Items listed in a dataset:
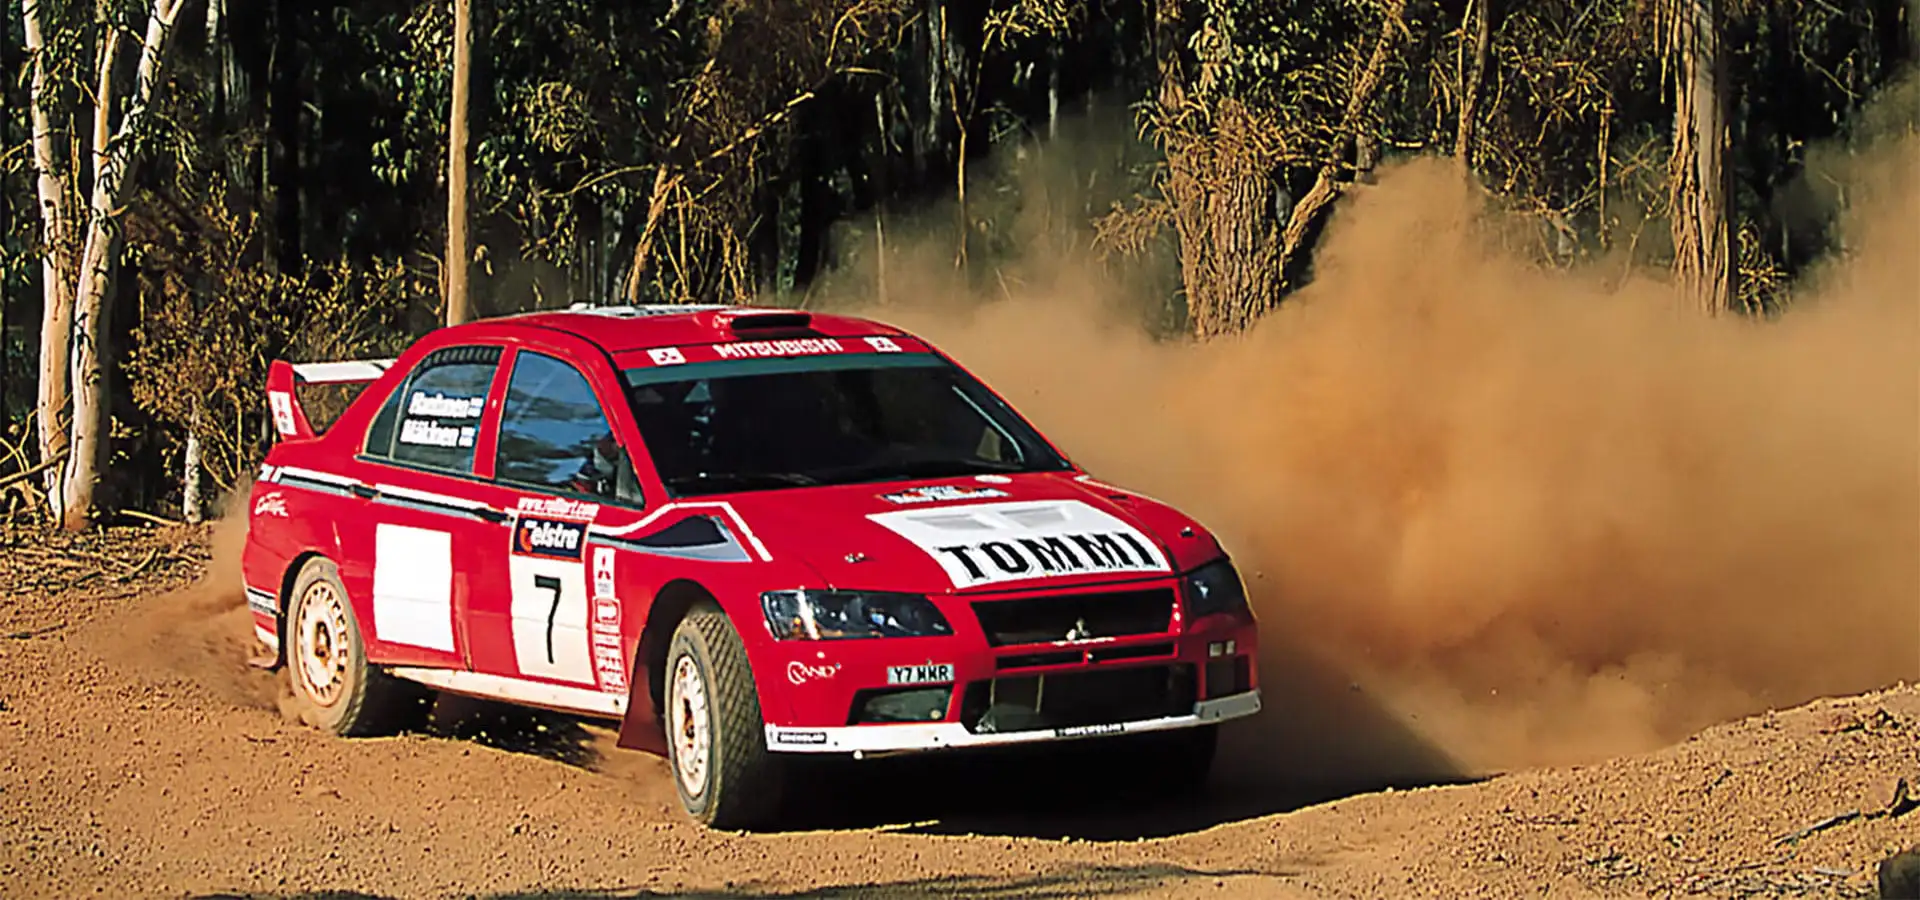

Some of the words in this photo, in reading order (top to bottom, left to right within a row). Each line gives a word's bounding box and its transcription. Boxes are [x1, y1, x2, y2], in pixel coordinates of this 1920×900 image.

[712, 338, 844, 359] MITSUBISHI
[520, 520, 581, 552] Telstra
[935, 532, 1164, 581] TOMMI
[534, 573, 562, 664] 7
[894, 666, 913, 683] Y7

Work instruction.
Output every entry verbatim but skip the pictures.

Response.
Some of the words in this photo, in reading order (top to bottom, left to right within a row). Each line gives a word's bounding box and its transcription. Boxes are [x1, y1, x2, y2], in pixel coordinates of this 1920×900 image.

[712, 338, 844, 359] MITSUBISHI
[520, 520, 581, 552] Telstra
[935, 532, 1164, 581] TOMMI
[534, 573, 562, 664] 7
[894, 666, 913, 683] Y7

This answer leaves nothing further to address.